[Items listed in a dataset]
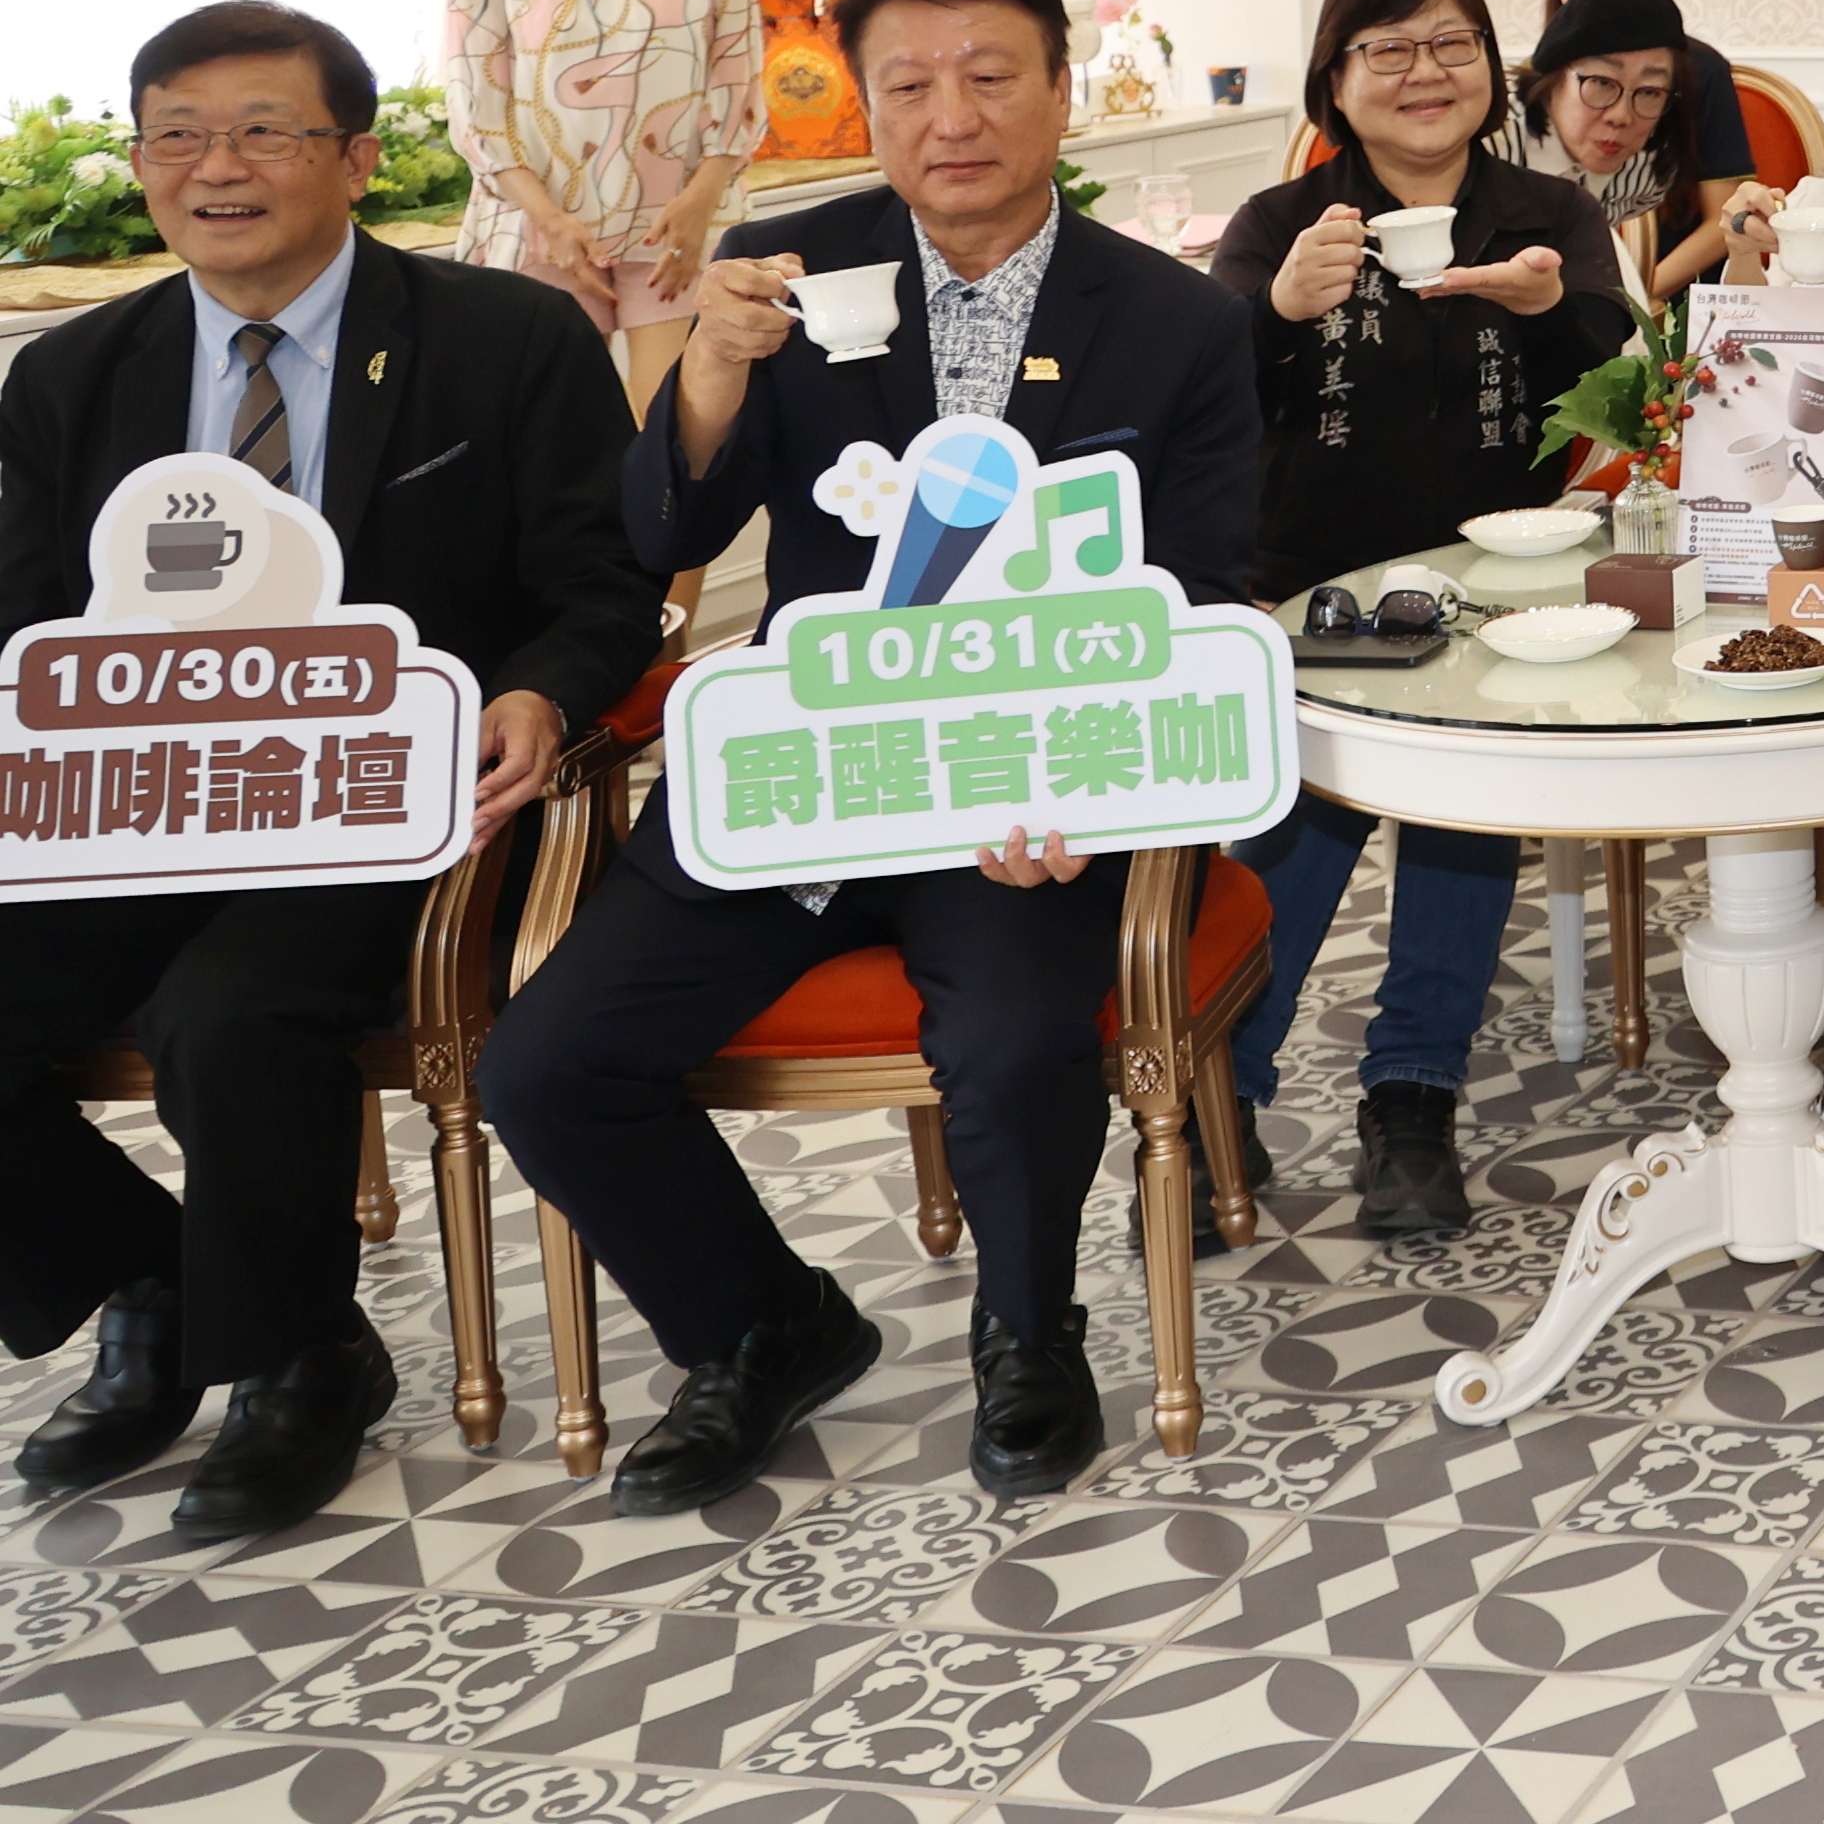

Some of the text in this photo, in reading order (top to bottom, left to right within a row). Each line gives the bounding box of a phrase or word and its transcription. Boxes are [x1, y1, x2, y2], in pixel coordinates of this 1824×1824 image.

[1354, 269, 1389, 345] 議員
[48, 646, 375, 708] 10/30(五)
[818, 613, 1148, 686] 10/31(六)
[0, 731, 413, 843] 咖啡論壇
[718, 693, 1252, 835] 爵醒音樂咖
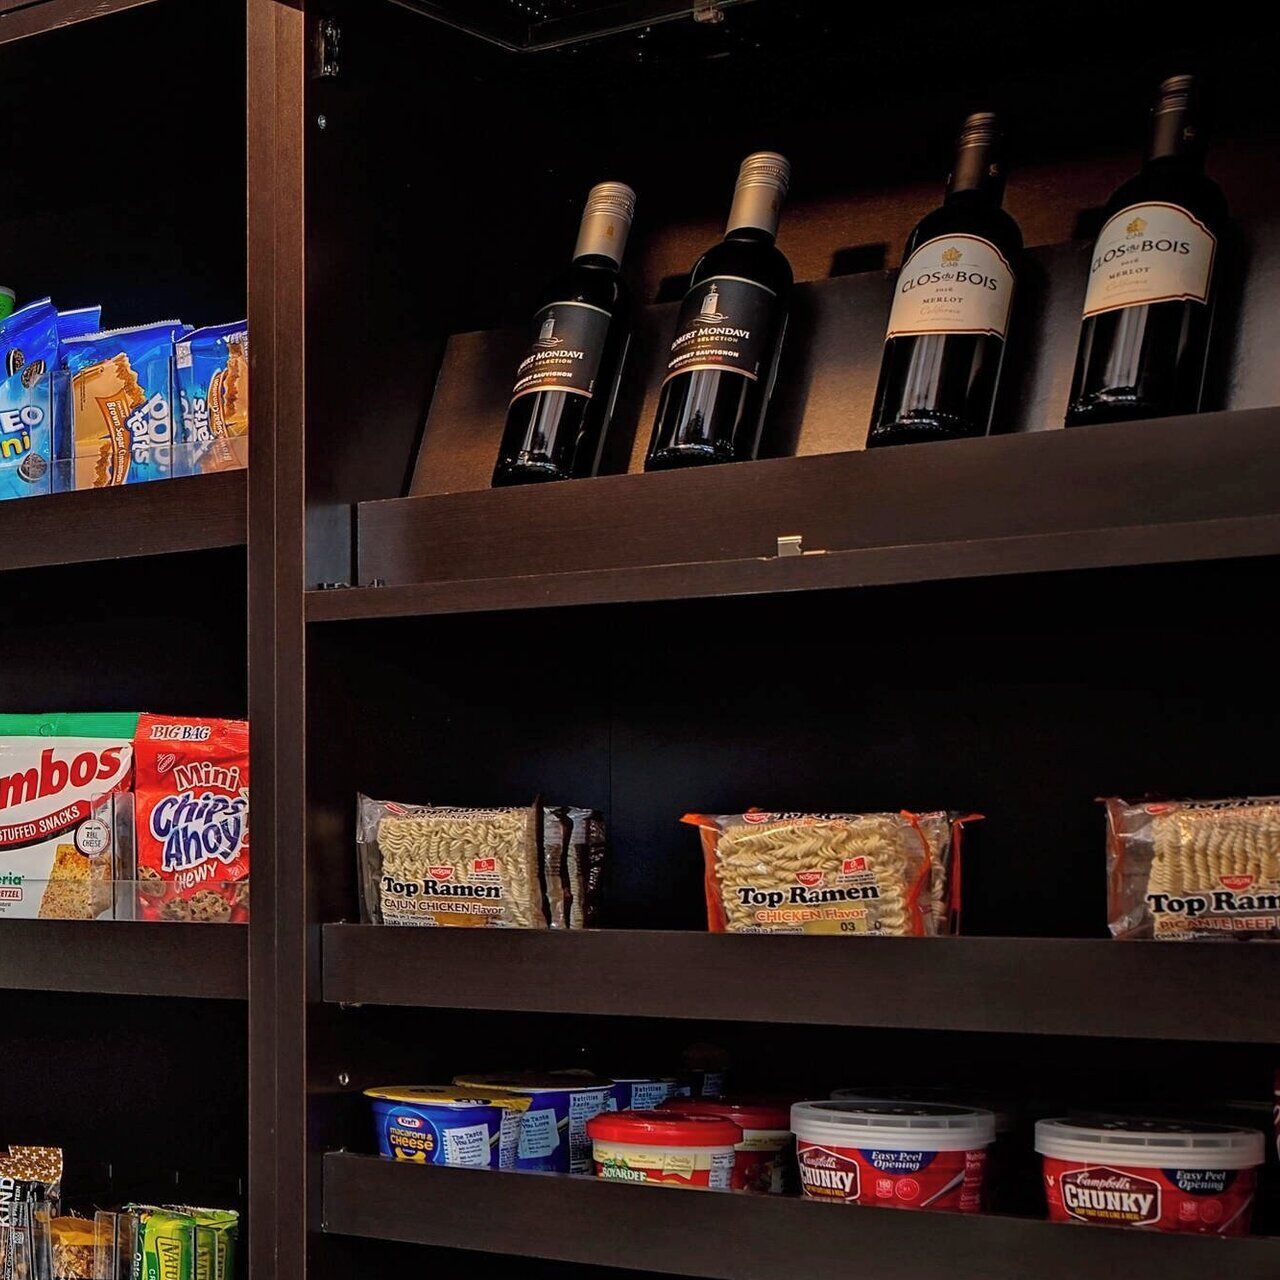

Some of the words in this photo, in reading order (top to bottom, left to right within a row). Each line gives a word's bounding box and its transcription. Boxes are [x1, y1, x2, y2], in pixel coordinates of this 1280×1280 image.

[1091, 244, 1125, 273] CLOS
[1141, 239, 1191, 255] BOIS
[901, 271, 940, 293] CLOS
[955, 270, 998, 291] BOIS
[1108, 267, 1151, 280] MERLOT
[698, 327, 750, 340] MONDAVI
[537, 350, 584, 360] MONDAVI
[695, 348, 740, 359] SAUVIGNON
[151, 725, 181, 741] BIG
[181, 725, 211, 741] BAG
[176, 762, 240, 791] Mini
[39, 805, 81, 833] SNACKS
[153, 790, 248, 841] Chips
[381, 876, 420, 899] Top
[423, 876, 502, 899] Ramen
[738, 886, 788, 908] Top
[791, 883, 879, 904] Ramen
[384, 899, 416, 910] CAJUN
[418, 901, 471, 912] CHICKEN
[472, 903, 504, 915] Flavor
[1146, 893, 1206, 918] Top
[755, 908, 822, 922] CHICKEN
[824, 906, 870, 921] Flavor
[1158, 916, 1231, 932] PICANTE
[1233, 916, 1276, 931] BEEF
[399, 1117, 419, 1127] Kraft
[871, 1150, 893, 1163] Easy
[898, 1150, 923, 1162] Peel
[873, 1159, 921, 1172] Opening
[799, 1165, 855, 1193] CHUNKY
[1176, 1169, 1198, 1183] Easy
[1203, 1169, 1227, 1182] Peel
[1177, 1178, 1225, 1191] Opening
[1064, 1184, 1155, 1216] CHUNKY
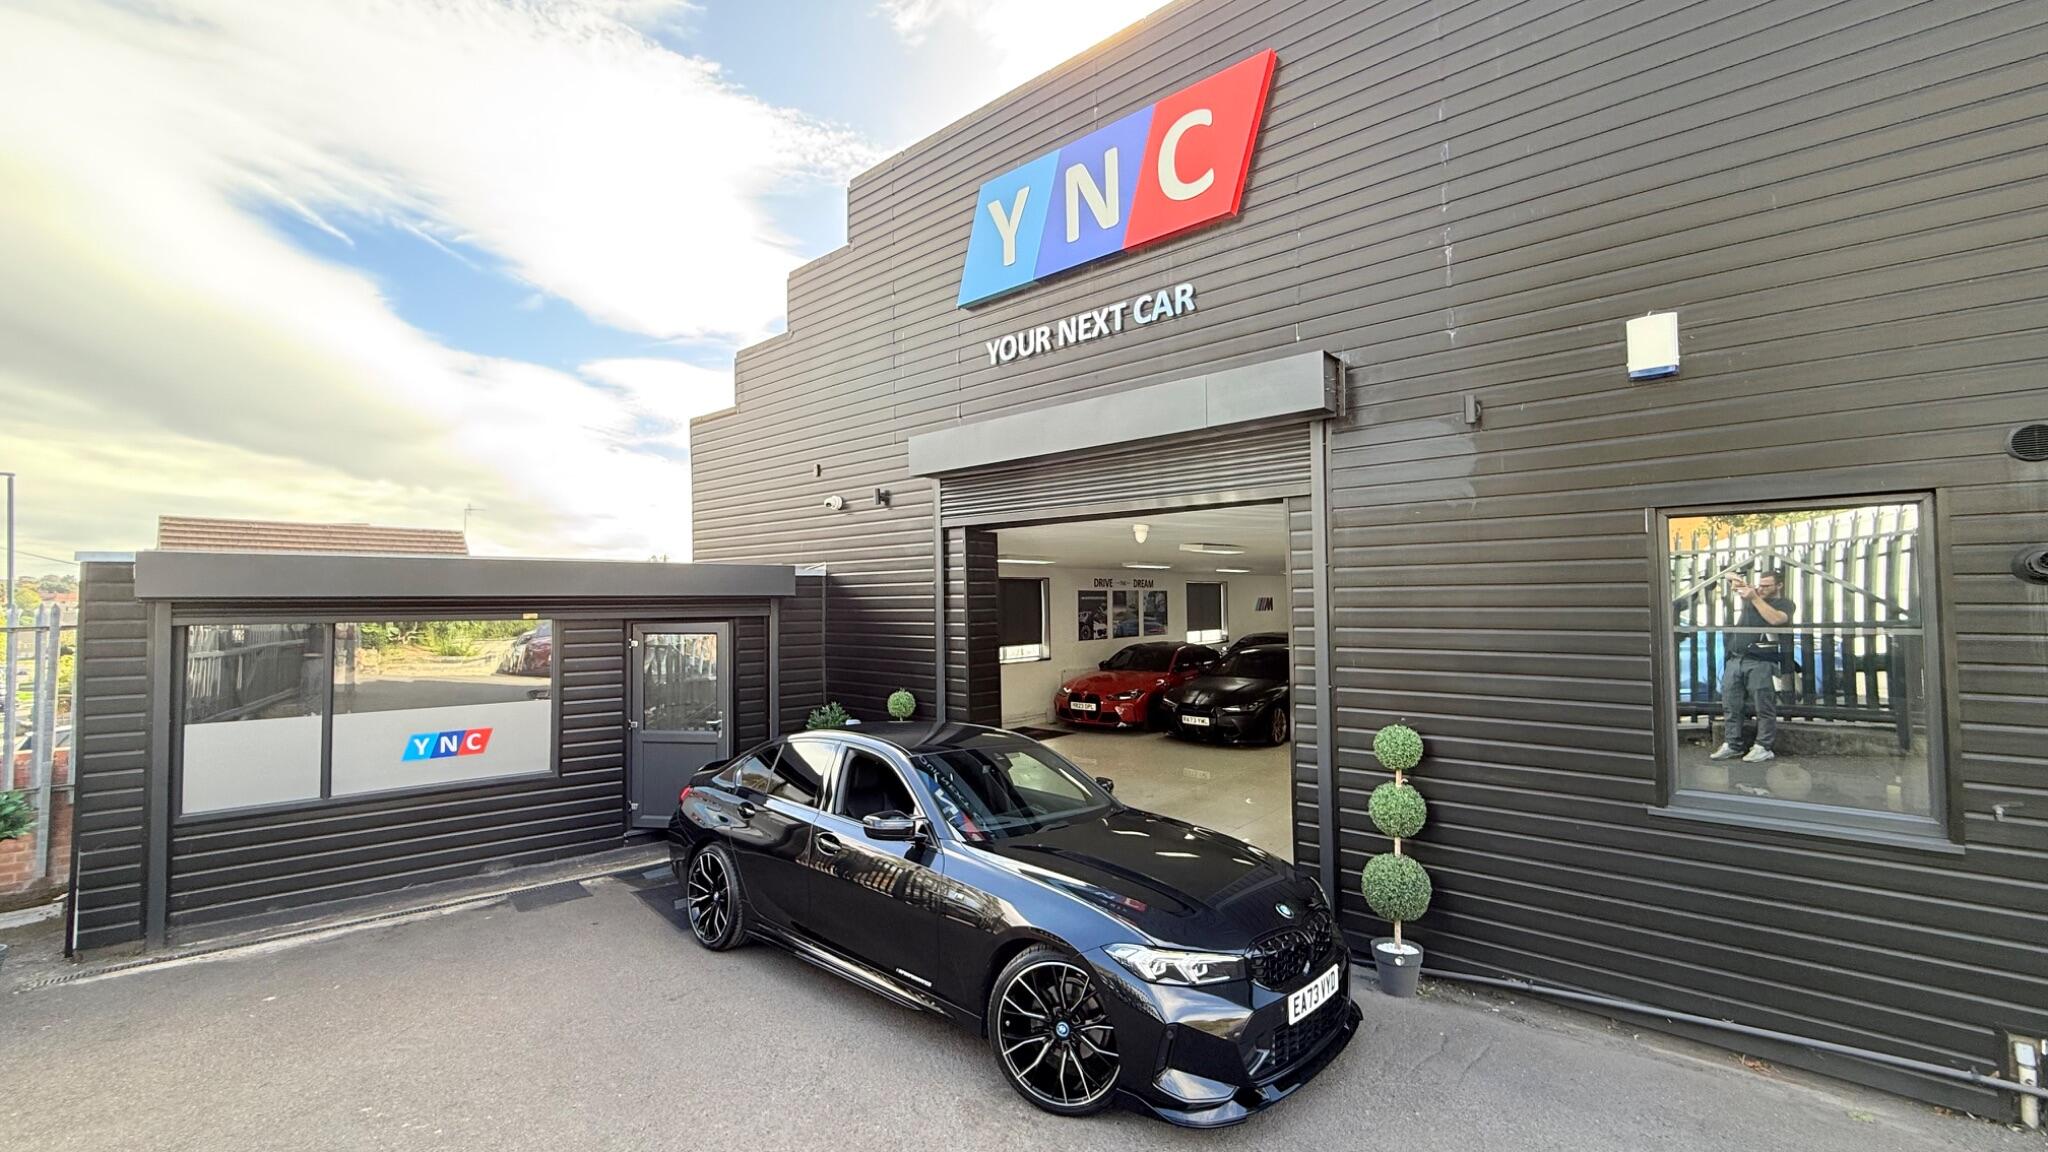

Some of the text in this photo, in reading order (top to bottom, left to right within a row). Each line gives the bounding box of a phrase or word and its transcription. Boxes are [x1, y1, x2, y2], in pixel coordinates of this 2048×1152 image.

## Assignment
Each record above should be duplicated word for word, with no pictures included.

## Task output
Some of the text in this photo, in reading order (top to bottom, left to right within a row). Each line gives the bounding box of a phrase or word and its transcription. Boxes are [x1, y1, x2, y2], in pixel coordinates of this 1824×1824 image.

[1354, 269, 1389, 345] 議員
[48, 646, 375, 708] 10/30(五)
[818, 613, 1148, 686] 10/31(六)
[0, 731, 413, 843] 咖啡論壇
[718, 693, 1252, 835] 爵醒音樂咖

Some of the words in this photo, in reading order (top to bottom, left to right within a row). Each line gives a word's bounding box and its transcription. Boxes are [x1, y1, x2, y2], in pixel coordinates of this 1280×1280 image.

[1091, 244, 1125, 273] CLOS
[1141, 239, 1191, 255] BOIS
[901, 271, 940, 293] CLOS
[955, 270, 998, 291] BOIS
[1108, 267, 1151, 280] MERLOT
[698, 327, 750, 340] MONDAVI
[537, 350, 584, 360] MONDAVI
[695, 348, 740, 359] SAUVIGNON
[151, 725, 181, 741] BIG
[181, 725, 211, 741] BAG
[176, 762, 240, 791] Mini
[39, 805, 81, 833] SNACKS
[153, 790, 248, 841] Chips
[381, 876, 420, 899] Top
[423, 876, 502, 899] Ramen
[738, 886, 788, 908] Top
[791, 883, 879, 904] Ramen
[384, 899, 416, 910] CAJUN
[418, 901, 471, 912] CHICKEN
[472, 903, 504, 915] Flavor
[1146, 893, 1206, 918] Top
[755, 908, 822, 922] CHICKEN
[824, 906, 870, 921] Flavor
[1158, 916, 1231, 932] PICANTE
[1233, 916, 1276, 931] BEEF
[399, 1117, 419, 1127] Kraft
[871, 1150, 893, 1163] Easy
[898, 1150, 923, 1162] Peel
[873, 1159, 921, 1172] Opening
[799, 1165, 855, 1193] CHUNKY
[1176, 1169, 1198, 1183] Easy
[1203, 1169, 1227, 1182] Peel
[1177, 1178, 1225, 1191] Opening
[1064, 1184, 1155, 1216] CHUNKY

Some of the text in this photo, in reading order (top to bottom, left to right within a row). Each line gives the bounding box of a phrase or word and its transcription. Boxes are [x1, y1, x2, y2], in pixel coordinates of this 2048×1152 image.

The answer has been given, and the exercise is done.